**What is expected**
Would you write out all of the data exactly as it appears below?

(Task material begins)

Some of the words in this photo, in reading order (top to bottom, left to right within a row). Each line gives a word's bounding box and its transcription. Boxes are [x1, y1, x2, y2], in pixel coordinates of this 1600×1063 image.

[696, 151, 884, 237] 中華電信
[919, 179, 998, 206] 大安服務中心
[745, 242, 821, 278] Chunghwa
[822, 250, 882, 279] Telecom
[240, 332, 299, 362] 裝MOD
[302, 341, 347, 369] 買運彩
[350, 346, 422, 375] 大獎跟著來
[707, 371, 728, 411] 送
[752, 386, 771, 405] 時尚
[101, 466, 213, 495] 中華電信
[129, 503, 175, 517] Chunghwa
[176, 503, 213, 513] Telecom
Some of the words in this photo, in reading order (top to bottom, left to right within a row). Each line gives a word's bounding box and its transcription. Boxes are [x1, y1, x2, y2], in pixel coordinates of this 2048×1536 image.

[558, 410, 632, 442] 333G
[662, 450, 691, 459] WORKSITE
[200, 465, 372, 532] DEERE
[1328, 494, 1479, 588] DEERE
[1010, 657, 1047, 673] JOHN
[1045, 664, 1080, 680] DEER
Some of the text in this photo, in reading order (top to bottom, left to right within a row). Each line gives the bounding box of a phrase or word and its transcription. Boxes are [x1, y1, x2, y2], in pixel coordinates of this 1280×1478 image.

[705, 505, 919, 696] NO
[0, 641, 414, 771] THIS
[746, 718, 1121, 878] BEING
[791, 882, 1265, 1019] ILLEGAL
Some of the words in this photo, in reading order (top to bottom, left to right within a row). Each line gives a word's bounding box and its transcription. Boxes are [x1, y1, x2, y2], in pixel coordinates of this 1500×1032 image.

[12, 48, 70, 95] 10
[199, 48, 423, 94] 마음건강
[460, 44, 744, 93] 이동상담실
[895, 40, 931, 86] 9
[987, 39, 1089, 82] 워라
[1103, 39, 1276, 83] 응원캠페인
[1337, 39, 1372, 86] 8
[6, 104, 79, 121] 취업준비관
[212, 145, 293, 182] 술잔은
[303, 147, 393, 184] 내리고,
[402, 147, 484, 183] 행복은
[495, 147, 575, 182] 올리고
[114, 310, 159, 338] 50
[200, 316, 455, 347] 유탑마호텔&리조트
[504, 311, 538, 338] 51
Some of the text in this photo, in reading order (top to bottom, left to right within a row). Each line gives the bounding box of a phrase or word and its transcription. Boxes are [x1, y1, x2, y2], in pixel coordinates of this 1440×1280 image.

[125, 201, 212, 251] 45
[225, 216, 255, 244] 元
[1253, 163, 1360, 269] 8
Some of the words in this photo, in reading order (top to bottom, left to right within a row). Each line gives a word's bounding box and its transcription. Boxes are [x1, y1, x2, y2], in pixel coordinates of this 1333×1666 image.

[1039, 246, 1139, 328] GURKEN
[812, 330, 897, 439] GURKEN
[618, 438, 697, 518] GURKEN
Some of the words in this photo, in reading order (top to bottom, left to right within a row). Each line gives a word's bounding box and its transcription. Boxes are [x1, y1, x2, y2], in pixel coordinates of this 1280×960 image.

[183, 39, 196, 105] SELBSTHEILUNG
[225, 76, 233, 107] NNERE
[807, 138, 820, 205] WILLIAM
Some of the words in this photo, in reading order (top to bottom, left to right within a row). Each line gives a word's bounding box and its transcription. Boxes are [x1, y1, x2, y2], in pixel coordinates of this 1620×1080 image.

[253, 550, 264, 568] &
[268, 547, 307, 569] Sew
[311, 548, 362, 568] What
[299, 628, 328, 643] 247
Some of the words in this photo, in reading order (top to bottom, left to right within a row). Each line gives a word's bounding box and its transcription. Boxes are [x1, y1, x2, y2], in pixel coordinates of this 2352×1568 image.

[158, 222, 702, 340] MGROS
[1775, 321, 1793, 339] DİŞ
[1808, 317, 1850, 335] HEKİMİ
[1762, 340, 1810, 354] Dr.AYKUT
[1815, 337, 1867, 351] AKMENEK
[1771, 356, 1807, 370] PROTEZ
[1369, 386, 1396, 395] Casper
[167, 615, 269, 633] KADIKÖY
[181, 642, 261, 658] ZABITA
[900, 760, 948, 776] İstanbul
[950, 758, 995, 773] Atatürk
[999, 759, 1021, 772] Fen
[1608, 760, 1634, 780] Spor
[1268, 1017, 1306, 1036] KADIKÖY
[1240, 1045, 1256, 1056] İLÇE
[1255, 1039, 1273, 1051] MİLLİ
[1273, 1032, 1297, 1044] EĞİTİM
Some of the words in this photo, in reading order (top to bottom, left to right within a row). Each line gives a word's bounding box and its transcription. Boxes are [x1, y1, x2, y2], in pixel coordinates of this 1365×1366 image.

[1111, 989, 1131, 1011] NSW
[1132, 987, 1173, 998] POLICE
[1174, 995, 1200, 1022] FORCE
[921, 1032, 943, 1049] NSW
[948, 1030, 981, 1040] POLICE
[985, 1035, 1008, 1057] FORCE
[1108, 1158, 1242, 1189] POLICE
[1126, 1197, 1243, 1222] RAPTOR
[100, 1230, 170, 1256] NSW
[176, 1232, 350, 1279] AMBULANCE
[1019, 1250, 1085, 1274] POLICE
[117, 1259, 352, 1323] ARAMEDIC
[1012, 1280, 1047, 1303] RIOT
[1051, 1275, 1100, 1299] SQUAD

(Task material ends)

**Expected answer**
Some of the words in this photo, in reading order (top to bottom, left to right within a row). Each line gives a word's bounding box and its transcription. Boxes are [x1, y1, x2, y2], in pixel coordinates of this 1600×1063 image.

[696, 151, 884, 237] 中華電信
[919, 179, 998, 206] 大安服務中心
[745, 242, 821, 278] Chunghwa
[822, 250, 882, 279] Telecom
[240, 332, 299, 362] 裝MOD
[302, 341, 347, 369] 買運彩
[350, 346, 422, 375] 大獎跟著來
[707, 371, 728, 411] 送
[752, 386, 771, 405] 時尚
[101, 466, 213, 495] 中華電信
[129, 503, 175, 517] Chunghwa
[176, 503, 213, 513] Telecom
Some of the words in this photo, in reading order (top to bottom, left to right within a row). Each line gives a word's bounding box and its transcription. Boxes are [x1, y1, x2, y2], in pixel coordinates of this 2048×1536 image.

[558, 410, 632, 442] 333G
[662, 450, 691, 459] WORKSITE
[200, 465, 372, 532] DEERE
[1328, 494, 1479, 588] DEERE
[1010, 657, 1047, 673] JOHN
[1045, 664, 1080, 680] DEER
Some of the text in this photo, in reading order (top to bottom, left to right within a row). Each line gives the bounding box of a phrase or word and its transcription. Boxes are [x1, y1, x2, y2], in pixel coordinates of this 1280×1478 image.

[705, 505, 919, 696] NO
[0, 641, 414, 771] THIS
[746, 718, 1121, 878] BEING
[791, 882, 1265, 1019] ILLEGAL
Some of the words in this photo, in reading order (top to bottom, left to right within a row). Each line gives a word's bounding box and its transcription. Boxes are [x1, y1, x2, y2], in pixel coordinates of this 1500×1032 image.

[12, 48, 70, 95] 10
[199, 48, 423, 94] 마음건강
[460, 44, 744, 93] 이동상담실
[895, 40, 931, 86] 9
[987, 39, 1089, 82] 워라
[1103, 39, 1276, 83] 응원캠페인
[1337, 39, 1372, 86] 8
[6, 104, 79, 121] 취업준비관
[212, 145, 293, 182] 술잔은
[303, 147, 393, 184] 내리고,
[402, 147, 484, 183] 행복은
[495, 147, 575, 182] 올리고
[114, 310, 159, 338] 50
[200, 316, 455, 347] 유탑마호텔&리조트
[504, 311, 538, 338] 51
Some of the text in this photo, in reading order (top to bottom, left to right within a row). Each line gives the bounding box of a phrase or word and its transcription. Boxes are [x1, y1, x2, y2], in pixel coordinates of this 1440×1280 image.

[125, 201, 212, 251] 45
[225, 216, 255, 244] 元
[1253, 163, 1360, 269] 8
Some of the words in this photo, in reading order (top to bottom, left to right within a row). Each line gives a word's bounding box and its transcription. Boxes are [x1, y1, x2, y2], in pixel coordinates of this 1333×1666 image.

[1039, 246, 1139, 328] GURKEN
[812, 330, 897, 439] GURKEN
[618, 438, 697, 518] GURKEN
Some of the words in this photo, in reading order (top to bottom, left to right within a row). Each line gives a word's bounding box and its transcription. Boxes are [x1, y1, x2, y2], in pixel coordinates of this 1280×960 image.

[183, 39, 196, 105] SELBSTHEILUNG
[225, 76, 233, 107] NNERE
[807, 138, 820, 205] WILLIAM
Some of the words in this photo, in reading order (top to bottom, left to right within a row). Each line gives a word's bounding box and its transcription. Boxes are [x1, y1, x2, y2], in pixel coordinates of this 1620×1080 image.

[253, 550, 264, 568] &
[268, 547, 307, 569] Sew
[311, 548, 362, 568] What
[299, 628, 328, 643] 247
Some of the words in this photo, in reading order (top to bottom, left to right within a row). Each line gives a word's bounding box and its transcription. Boxes are [x1, y1, x2, y2], in pixel coordinates of this 2352×1568 image.

[158, 222, 702, 340] MGROS
[1775, 321, 1793, 339] DİŞ
[1808, 317, 1850, 335] HEKİMİ
[1762, 340, 1810, 354] Dr.AYKUT
[1815, 337, 1867, 351] AKMENEK
[1771, 356, 1807, 370] PROTEZ
[1369, 386, 1396, 395] Casper
[167, 615, 269, 633] KADIKÖY
[181, 642, 261, 658] ZABITA
[900, 760, 948, 776] İstanbul
[950, 758, 995, 773] Atatürk
[999, 759, 1021, 772] Fen
[1608, 760, 1634, 780] Spor
[1268, 1017, 1306, 1036] KADIKÖY
[1240, 1045, 1256, 1056] İLÇE
[1255, 1039, 1273, 1051] MİLLİ
[1273, 1032, 1297, 1044] EĞİTİM
Some of the words in this photo, in reading order (top to bottom, left to right within a row). Each line gives a word's bounding box and its transcription. Boxes are [x1, y1, x2, y2], in pixel coordinates of this 1365×1366 image.

[1111, 989, 1131, 1011] NSW
[1132, 987, 1173, 998] POLICE
[1174, 995, 1200, 1022] FORCE
[921, 1032, 943, 1049] NSW
[948, 1030, 981, 1040] POLICE
[985, 1035, 1008, 1057] FORCE
[1108, 1158, 1242, 1189] POLICE
[1126, 1197, 1243, 1222] RAPTOR
[100, 1230, 170, 1256] NSW
[176, 1232, 350, 1279] AMBULANCE
[1019, 1250, 1085, 1274] POLICE
[117, 1259, 352, 1323] ARAMEDIC
[1012, 1280, 1047, 1303] RIOT
[1051, 1275, 1100, 1299] SQUAD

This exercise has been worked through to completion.